Enhanced regeneration of osteochondral defects by using an aggrecanase-1 responsively degradable and N-cadherin mimetic peptide-conjugated hydrogel loaded with BMSCs

Abstract

Due to the poor self-repair capabilities of articular cartilage, chondral or osteochondral injuries are difficult to be recovered. In this study, an N-cadherin mimetic peptide sequence HAVDIGGGC (HAV) was conjugated to direct cell–cell interactions, and an aggrecanase-1 cleavable peptide sequence CRDTEGE-ARGSVIDRC (ACpep) was used to crosslink hyperbranched PEG-based multi-acrylate polymer (HBPEG) with cysteamine-modified chondroitin sulfate (Cys-CS), obtaining an aggrecanase-1 responsively degradable and HAV-conjugated hydrogel ((HAV-HBPEG)-CS-ACpep). A HBPEG-CS-ACpep hydrogel without the HAV motif was also prepared.
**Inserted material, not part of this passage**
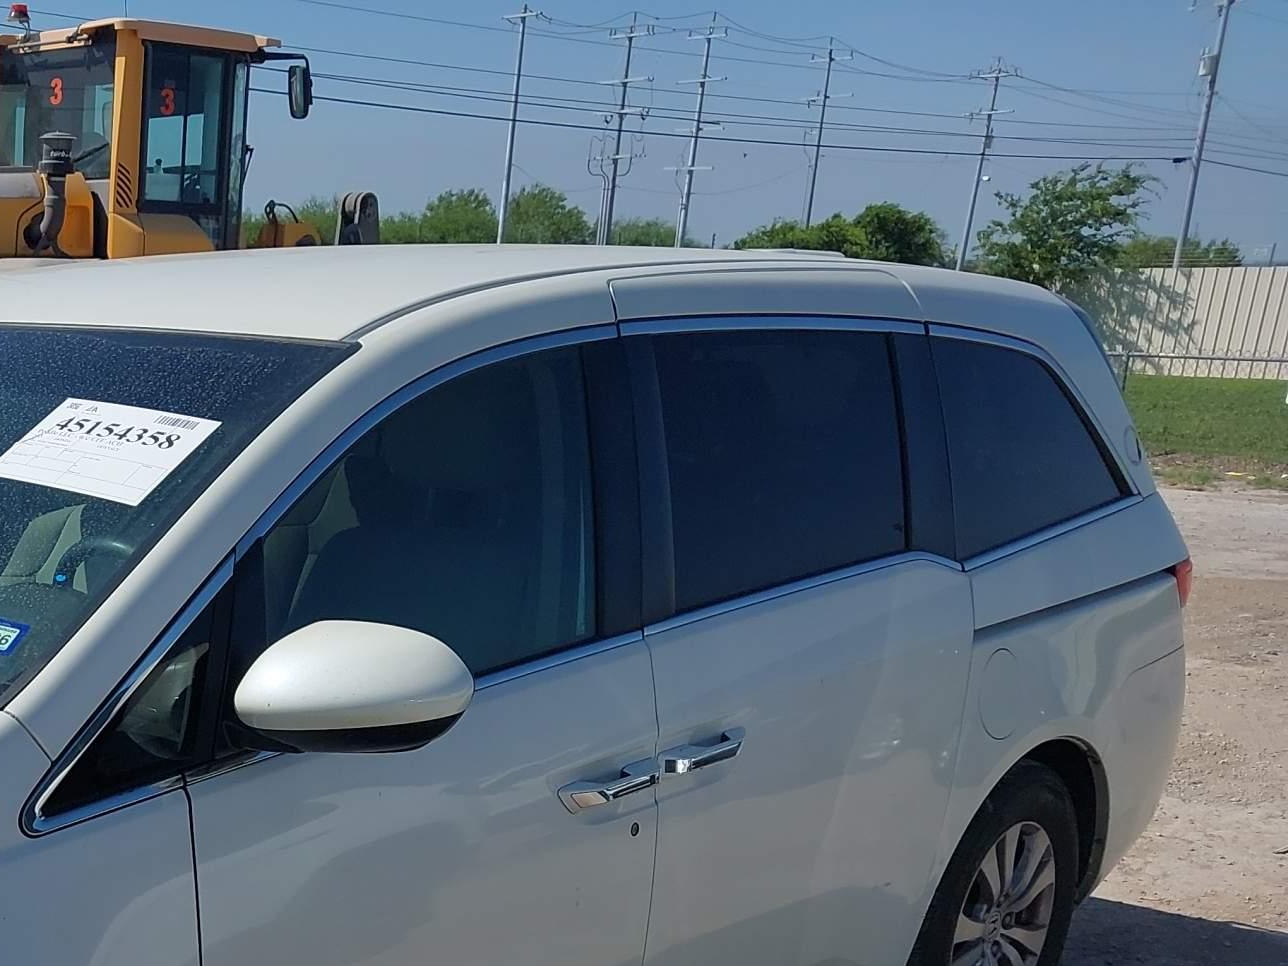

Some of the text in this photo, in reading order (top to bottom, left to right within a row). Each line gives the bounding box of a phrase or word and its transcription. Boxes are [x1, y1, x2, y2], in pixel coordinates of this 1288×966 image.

[49, 77, 63, 105] 3
[159, 88, 175, 115] 3
[55, 416, 181, 450] 45154358
The two hydrogels exhibited similar equilibrium swelling ratios, elastic moduli and pore sizes after lyophilization, indicating the negligible influence of conjugated HAV on the crosslinking networks and mechanical properties of the hydrogels. After being degraded in PBS, aggrecanase-1 (ADAMTS4) and trypsin, the HBPEG-CS-ACpep hydrogel exhibited significantly decreased elastic moduli with a much lower value when incubated in enzyme solutions. The two hydrogels could maintain the viability of encapsulated bone marrow-derived mesenchymal stem cells (BMSCs), and the (HAV-HBPEG)-CS-ACpep hydrogel better promoted the cell–cell interactions. After being implanted into osteochondral defects in rabbits for 18 weeks, the two cell-laden hydrogel groups achieved better repair effects than the blank control group. Moreover, hyaline cartilage was formed in the (HAV-HBPEG)-CS-ACpep/BMSCs hydrogel group, while a hybrid of hyaline cartilage and fibrocartilage was found in the HBPEG-CS-ACpep/BMSCs hydrogel group.